Building a Tokenizer and a Sentencizer

Understanding the underlying bones that give NLP its structure

Tiago Duque
Analytics Vidhya
11 min readFeb 5, 2020

--

So we’ve learned about the many distinct steps that a Preprocessing Pipeline can take. If you’re coming from my previous article (or a NLP class), you probably have a general idea about what is Tokenization and what does it serve for. The purpose of this article is to help better clarify what is Tokenization, how it works and, most importantly, implement a Tokenizer.

If you came from my previous article, you might also be wondering about what happened to the “Bare String Preprocessing” step. The answer is that I wont be dedicating a full article about it, because it only includes a few functions that will be repeated more than once in future practical articles.

Now, back to Tokenization — this preprocessing step means transforming unstructured Natural Language input in something better structured (in computer terms). The main idea is to break the textual input into fragments that contain granular, yet useful data — these are called Tokens.

Tokenizing in essence means defining what is the boundary between Tokens. The simpler case is comprised of white space splitting. But that is not always the case — japanese and chinese, for example, use a different type of white space (that is not the default for most “split” functions). Also, there may be cases where characters other than white spaces can break a word in two tokens. Finally, there’s the case of deciding whether to divide or not special collocations such as bigrams and idioms (like “kicked the bucket” or “raining cats and dogs”) into individual tokens (which may “kick the bucket” of your processing).

Another step usually done together with Tokenizing is “Sentencizing”. Or splitting input text into Sentences. This is very important if you have multiple sentences for each document. The main reason why it is important is related to parsing — you need to have the sentence (not the whole text) structure to define parts of speech, dependency relations etc. Sentencizing is a little more tricky than Tokenizing, since text structure is more free formed than sentence structure (I mean, not in morphological terms, but more in graphical terms).

As a word of caution, some tools create sentences AFTER tokenizing and parsing — this form of sentencizing takes into account not punctuation, but rather a series of morphological rules. This way, even if the words between two punctuation carry more than one sentence, these would get caught. Here’s a simple example: “John ate eggs and Mary ate potatoes” would become: [“John ate eggs”, “Mary ate potatoes”].

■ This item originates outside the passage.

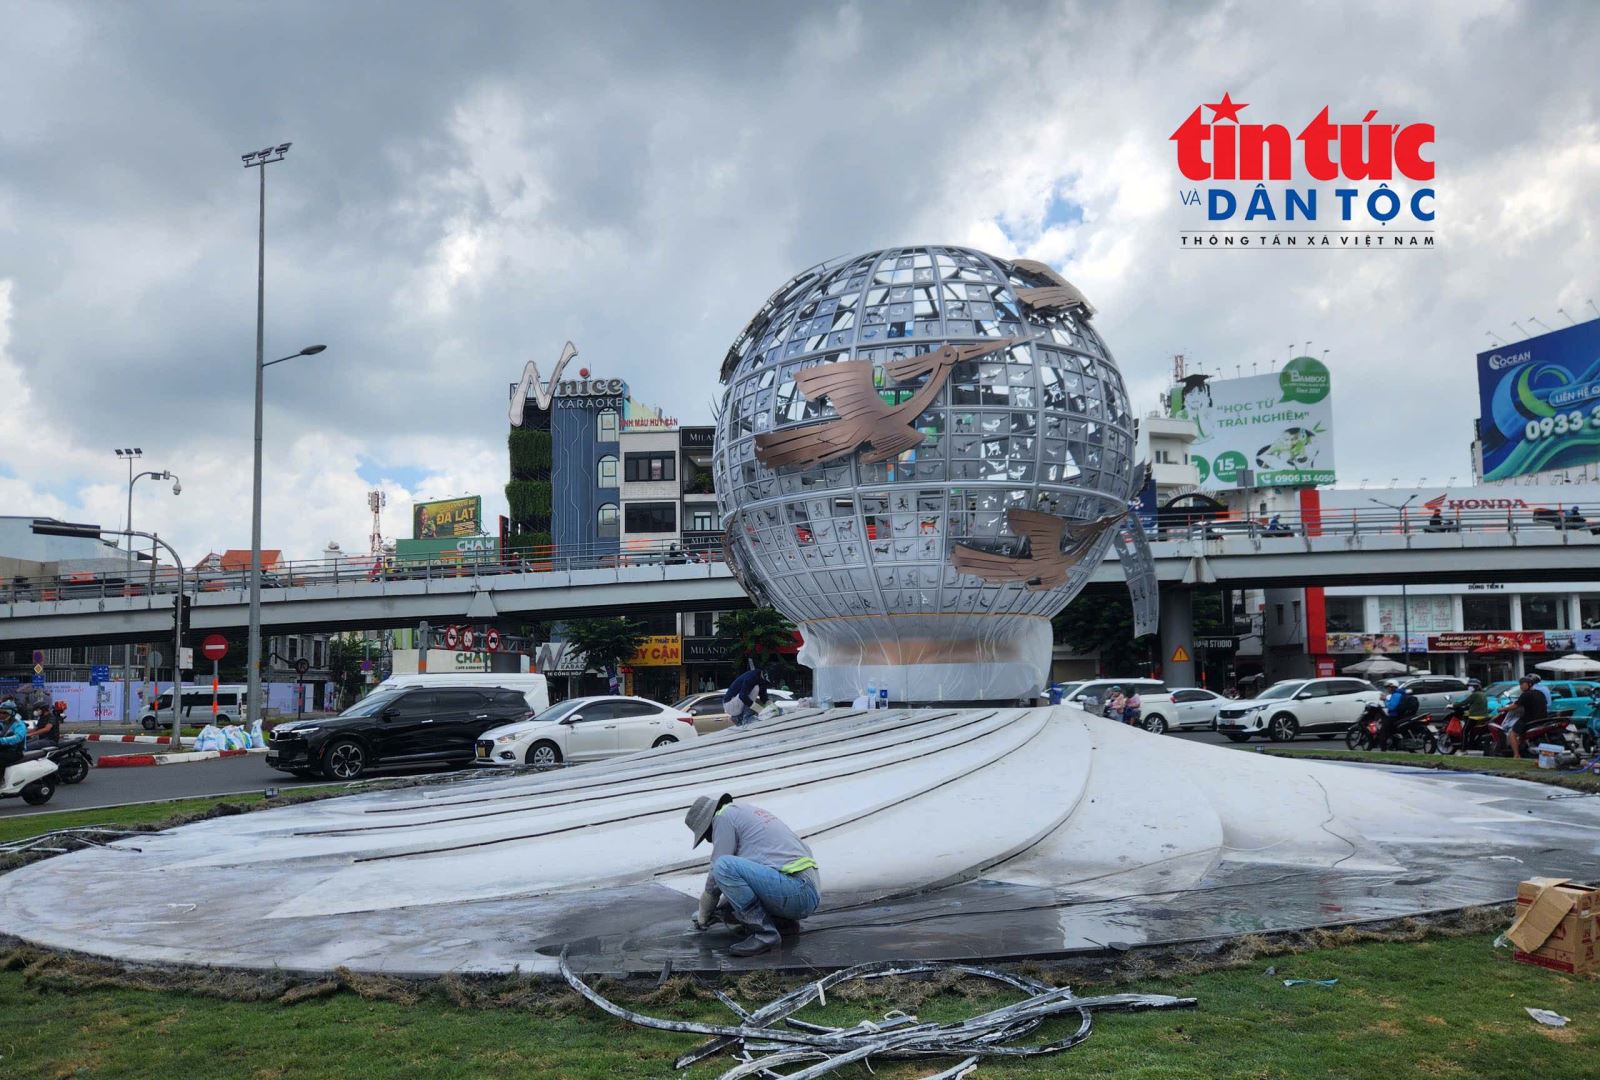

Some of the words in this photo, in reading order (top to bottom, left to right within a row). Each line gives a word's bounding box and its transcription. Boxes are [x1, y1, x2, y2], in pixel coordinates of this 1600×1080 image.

As mentioned and explained before, we’re going to do it all in Python and using English, the language that is common between me and you. I’ll try not to use any special third party tool, but I’ll follow a similar structure to how spaCy does tokenizing and sentencizing.

Enough chatting — time to get hands dirty (another idiom, my keyboard is clean, sir/ma’am!).

Dummy Approach

We can start with a simpler approach that does the job without many details. We’re going to first create our DummySentencizer using Python OOP standards and some development good practices.

For that, we’ll organize our files starting from a root folder (with the name of our project) and a inner preprocessing folder, which will be home to all our preprocessing modules, including the tokenization.py file that we’ll create. (later we’ll see that Tokenization is so important for NLP that we’ll have it in the core folder listed below). Here’s how it’ll be:

File organization for the project. ‘core’ folder will be used later on on the full solution. If you’re not a python expert, the __init__.py is needed for module imports, so for now just create a blank file with this name.

In our tokenization.py, we create a DummySentencizer class. We’ll focus all the processing tasks in the constructor itself, meaning that just instantiating the class will give us a list of sentences. As constructor parameters, we’ll ask for the input text, the characters used for splitting and a delimiter token.

Our DummySentencizer will create a new sentence at every dot, exclamation mark, question mark or colons. The user can change that by providing a distinct list of characters, but we have a default.

Next, we provide a special “tag” (delimiter_token) to divide our text. It’ll be appended to the punctuation marks so we can keeping them, since they can be useful in many cases. For that, we create a special “tag” that is not supposed to happen anywhere else (any character could be a text feature, so we can’t use one of those). This can also be replaced by user.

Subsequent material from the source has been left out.